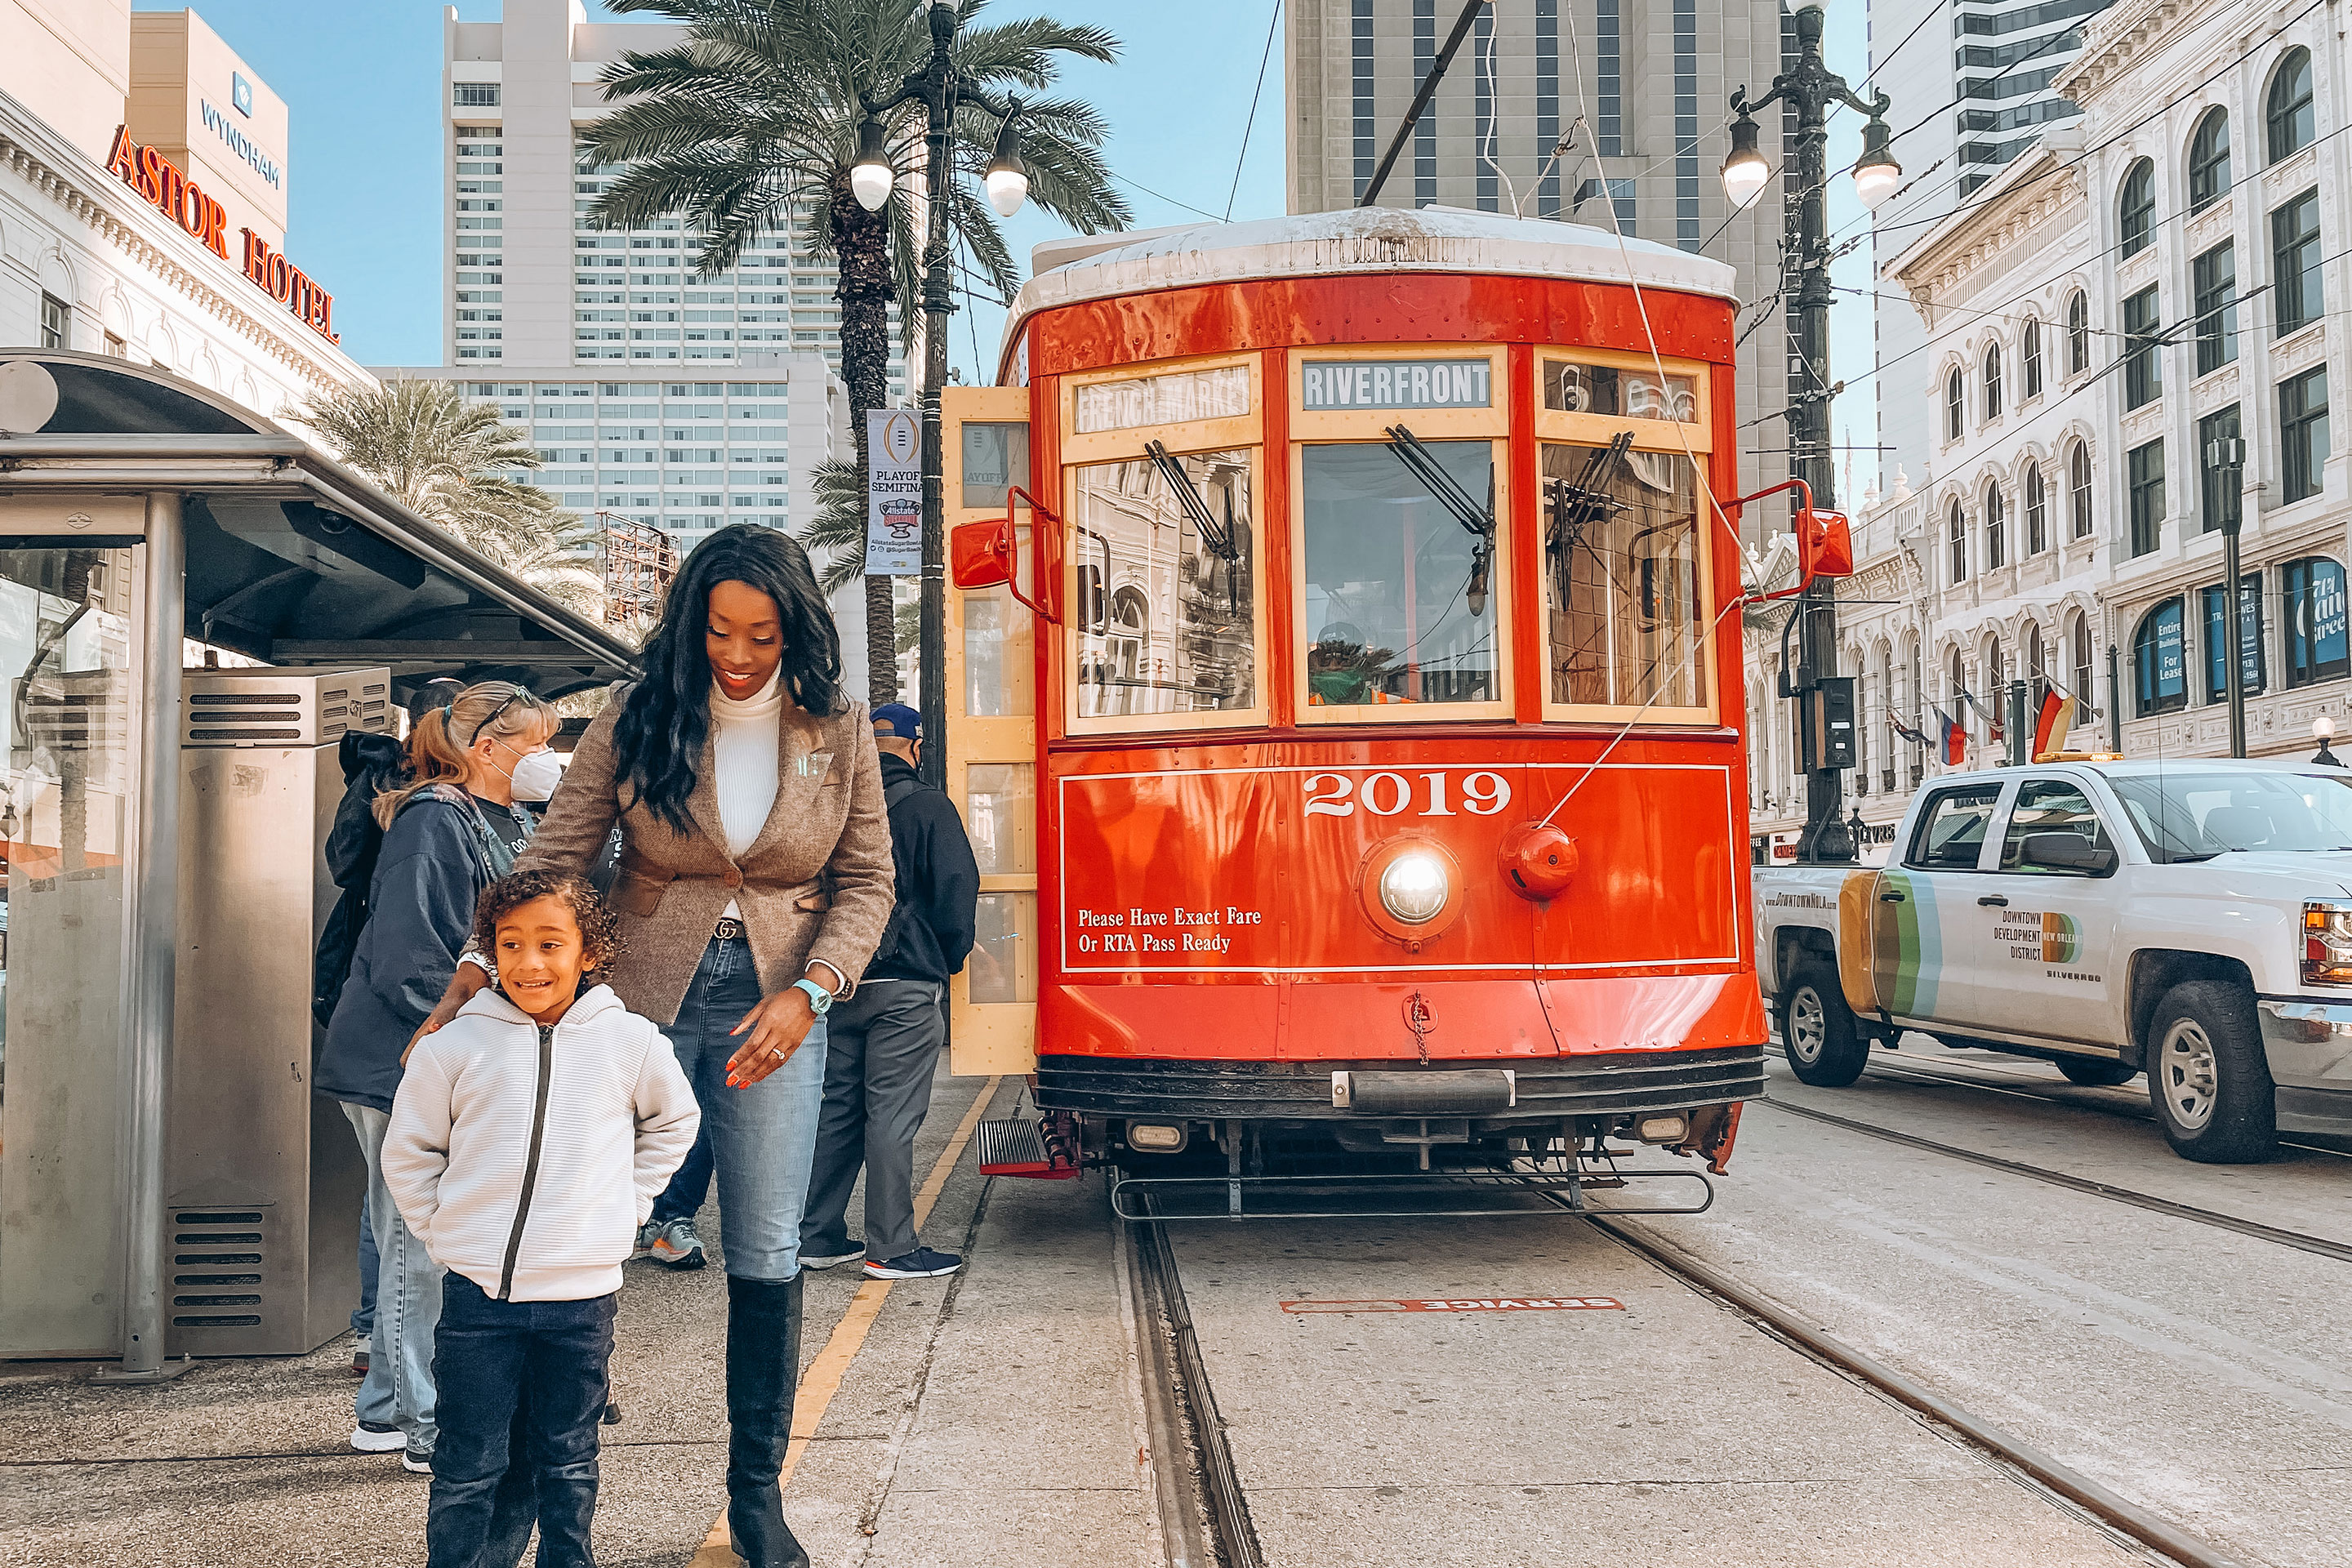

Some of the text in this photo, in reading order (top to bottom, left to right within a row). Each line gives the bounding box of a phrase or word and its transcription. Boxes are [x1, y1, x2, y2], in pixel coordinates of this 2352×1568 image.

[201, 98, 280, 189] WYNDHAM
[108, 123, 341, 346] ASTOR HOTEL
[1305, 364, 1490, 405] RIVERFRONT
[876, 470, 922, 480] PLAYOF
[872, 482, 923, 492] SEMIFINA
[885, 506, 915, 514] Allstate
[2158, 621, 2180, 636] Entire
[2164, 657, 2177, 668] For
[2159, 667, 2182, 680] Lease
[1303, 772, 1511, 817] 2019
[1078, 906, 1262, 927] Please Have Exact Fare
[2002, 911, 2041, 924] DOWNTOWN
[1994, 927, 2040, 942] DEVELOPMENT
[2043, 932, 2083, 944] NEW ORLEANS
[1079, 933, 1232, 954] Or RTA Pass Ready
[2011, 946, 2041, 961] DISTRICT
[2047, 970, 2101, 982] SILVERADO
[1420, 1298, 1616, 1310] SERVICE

+++

■ What you will do
Give the data above again, exactly, with every picture removed.

■ Result
Some of the text in this photo, in reading order (top to bottom, left to right within a row). Each line gives the bounding box of a phrase or word and its transcription. Boxes are [x1, y1, x2, y2], in pixel coordinates of this 2352×1568 image.

[201, 98, 280, 189] WYNDHAM
[108, 123, 341, 346] ASTOR HOTEL
[1305, 364, 1490, 405] RIVERFRONT
[876, 470, 922, 480] PLAYOF
[872, 482, 923, 492] SEMIFINA
[885, 506, 915, 514] Allstate
[2158, 621, 2180, 636] Entire
[2164, 657, 2177, 668] For
[2159, 667, 2182, 680] Lease
[1303, 772, 1511, 817] 2019
[1078, 906, 1262, 927] Please Have Exact Fare
[2002, 911, 2041, 924] DOWNTOWN
[1994, 927, 2040, 942] DEVELOPMENT
[2043, 932, 2083, 944] NEW ORLEANS
[1079, 933, 1232, 954] Or RTA Pass Ready
[2011, 946, 2041, 961] DISTRICT
[2047, 970, 2101, 982] SILVERADO
[1420, 1298, 1616, 1310] SERVICE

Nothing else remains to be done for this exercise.